One of the nice things about being an alien for a day is that you get
tons of attention. During lunch, strangers on the Paramount lot approach
me constantly to admire my creamy green complexion and tweak my
foam-rubber nose. Later in the day, while I'm sipping a soda outside
soundstage No. 4, a studio tour bus filled with preteens rolls by.
"Coooooool!" a few of them gush, pointing my way. I wave back. "Hey,
kids!" I want to say, "Don't let this happen to you!"
Resting in his trailer, still wearing his jumbo-eared Ferengi outfit,
actor Armin Shimerman seems to have gotten used to the stares. He plays
Quark, the wily saloonkeeper who isn't thrilled about the arrival of the
station's new Federation overlords (one of the first things the Feds do is
chuck Quark's teenage nephew in the brig for looting).
"I've done aliens before," Shimerman says. "On my first appearance on
Next Generation I played a prop, a talking box. It took nine hours of
makeup.

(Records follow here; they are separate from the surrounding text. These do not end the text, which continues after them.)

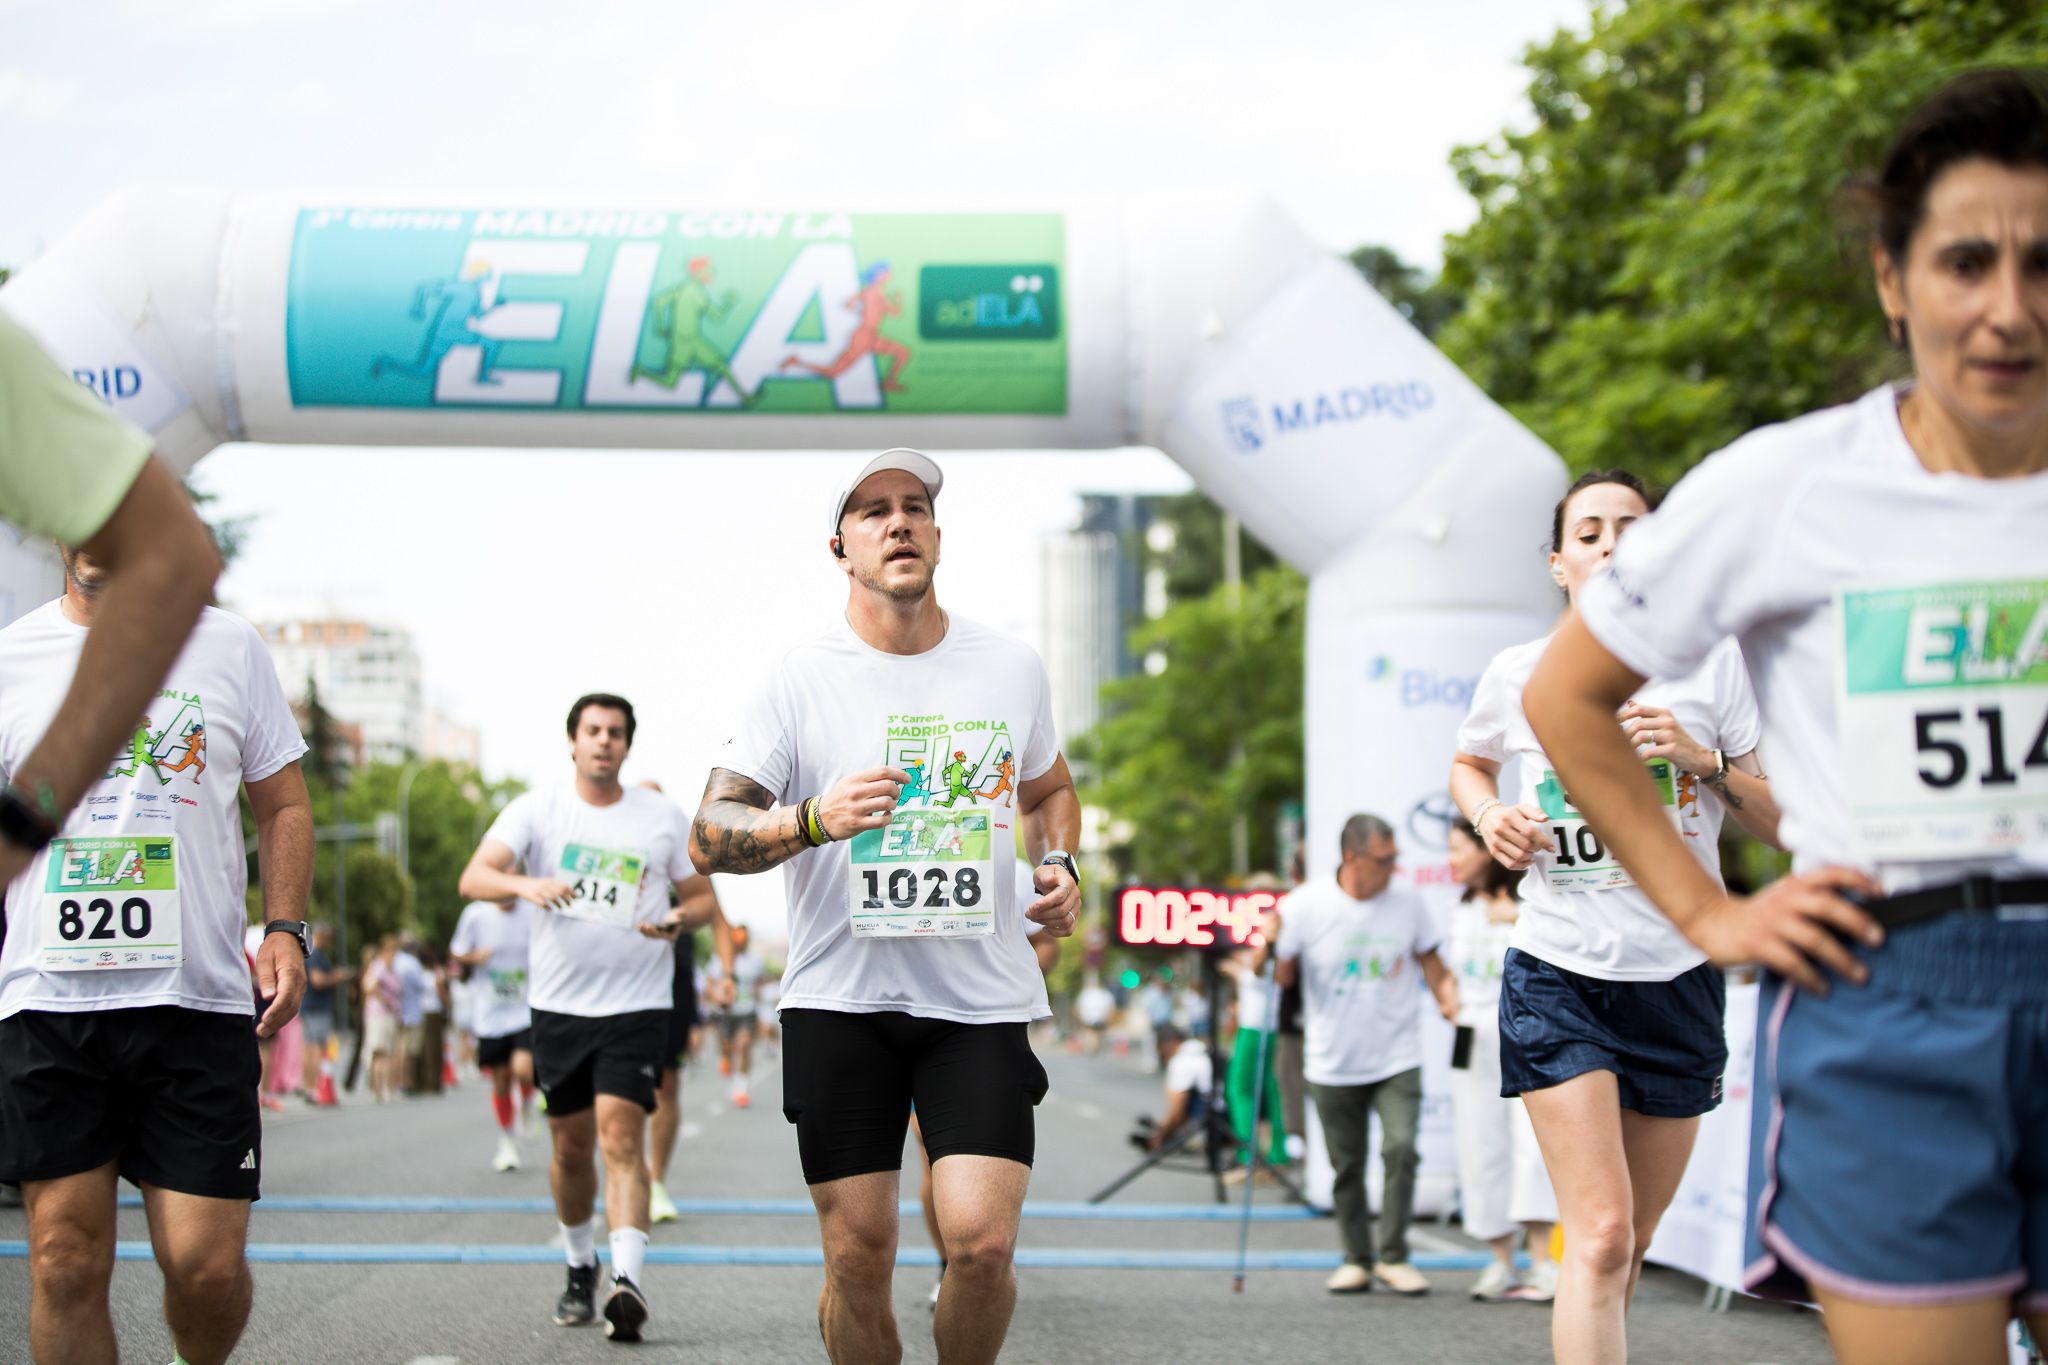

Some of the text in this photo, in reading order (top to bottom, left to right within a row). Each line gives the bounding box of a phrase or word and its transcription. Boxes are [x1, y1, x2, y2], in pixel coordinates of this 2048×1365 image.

[348, 206, 462, 229] Carrera
[472, 205, 667, 235] MADRID
[678, 209, 780, 239] CON
[791, 211, 852, 239] LA
[433, 239, 890, 407] ELA
[73, 366, 142, 405] RID
[1272, 379, 1434, 433] MADRID
[182, 692, 200, 704] LA
[887, 720, 1008, 737] MADRID CON LA
[902, 714, 944, 723] Carrera
[880, 821, 962, 857] ELA
[61, 850, 145, 887] ELA
[572, 877, 618, 906] 614
[862, 868, 982, 908] 1028
[59, 897, 152, 940] 820
[1120, 888, 1292, 948] 00245
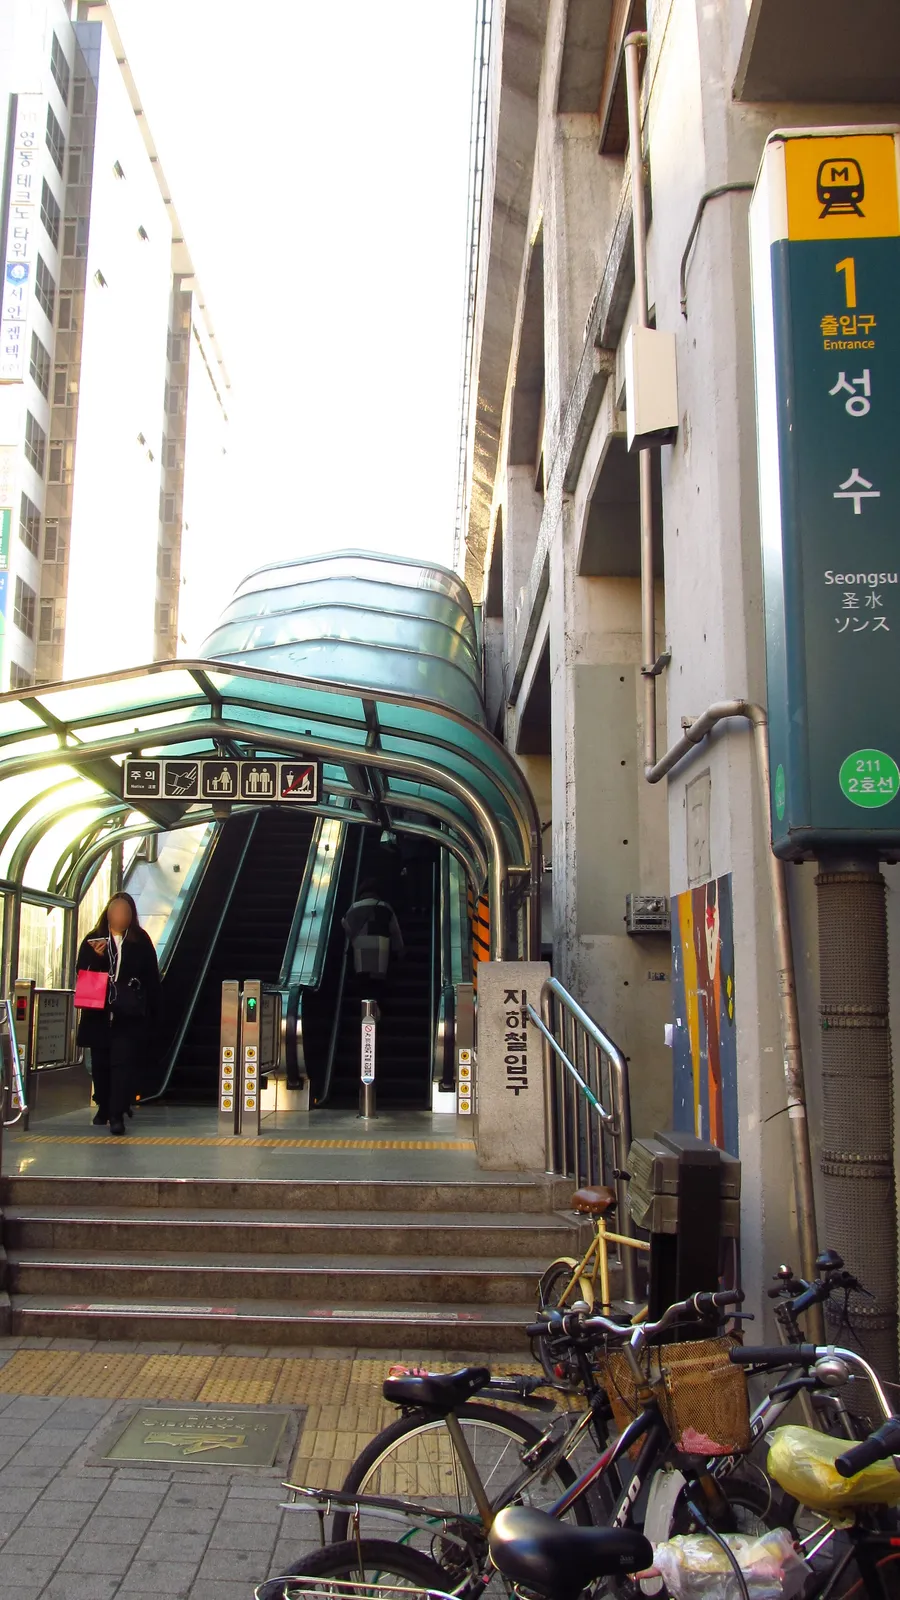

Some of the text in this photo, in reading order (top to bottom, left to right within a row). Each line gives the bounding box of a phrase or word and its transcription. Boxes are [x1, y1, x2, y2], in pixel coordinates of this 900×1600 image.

I also played the very first Ferengi they ever did on Next
Generation. That took about 31 2 hours. Plus I've done episodes of Alien
Nation and some movie aliens. I'm the Lon Chaney of my generation."
"My makeup takes only about two hours," says Rene Auberjonois, who
plays Security Officer Odo, a "shape shifter" who can turn himself into
any form he wants, a la Terminator 2 (Odo apparently has some trouble
turning convincingly human; his face is always flat and featureless).

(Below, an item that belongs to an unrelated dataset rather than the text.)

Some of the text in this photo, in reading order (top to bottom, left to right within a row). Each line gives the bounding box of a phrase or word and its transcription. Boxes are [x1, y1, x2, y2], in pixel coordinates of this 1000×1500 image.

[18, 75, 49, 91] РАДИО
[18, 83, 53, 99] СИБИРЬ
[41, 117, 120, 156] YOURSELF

"I've done Charlie's Angels, and it took a lot longer to put those women's
faces together than it does ours. A lot longer."
Of course, not everyone on board Deep Space Nine requires an extensive
alien make-over. "My character is very human," says Avery Brooks, who
plays Benjamin Sisko, Trek's first starring black commander and a single
parent. Unlike William Shatner's swashbuckling Kirk or Patrick Stewart's
politically correct Picard, Deep Space's skipper is a decidedly tortured
soul.
"He's not at peace with himself," Brooks explains. "He's not happy
about being assigned to the space station-he doesn't think it's the ideal
environment to raise his son. And he still hasn't come to terms with the
death of his wife." (She was killed on the starship Saratoga during Next
Generation's famous Borg battles a few seasons ago, when the evil space
zombies brainwashed Captain Picard and forced him to blow up most of the
Federation fleet; Stewart will make a cameo appearance on the Deep Space
premiere for a flashback of the incident.)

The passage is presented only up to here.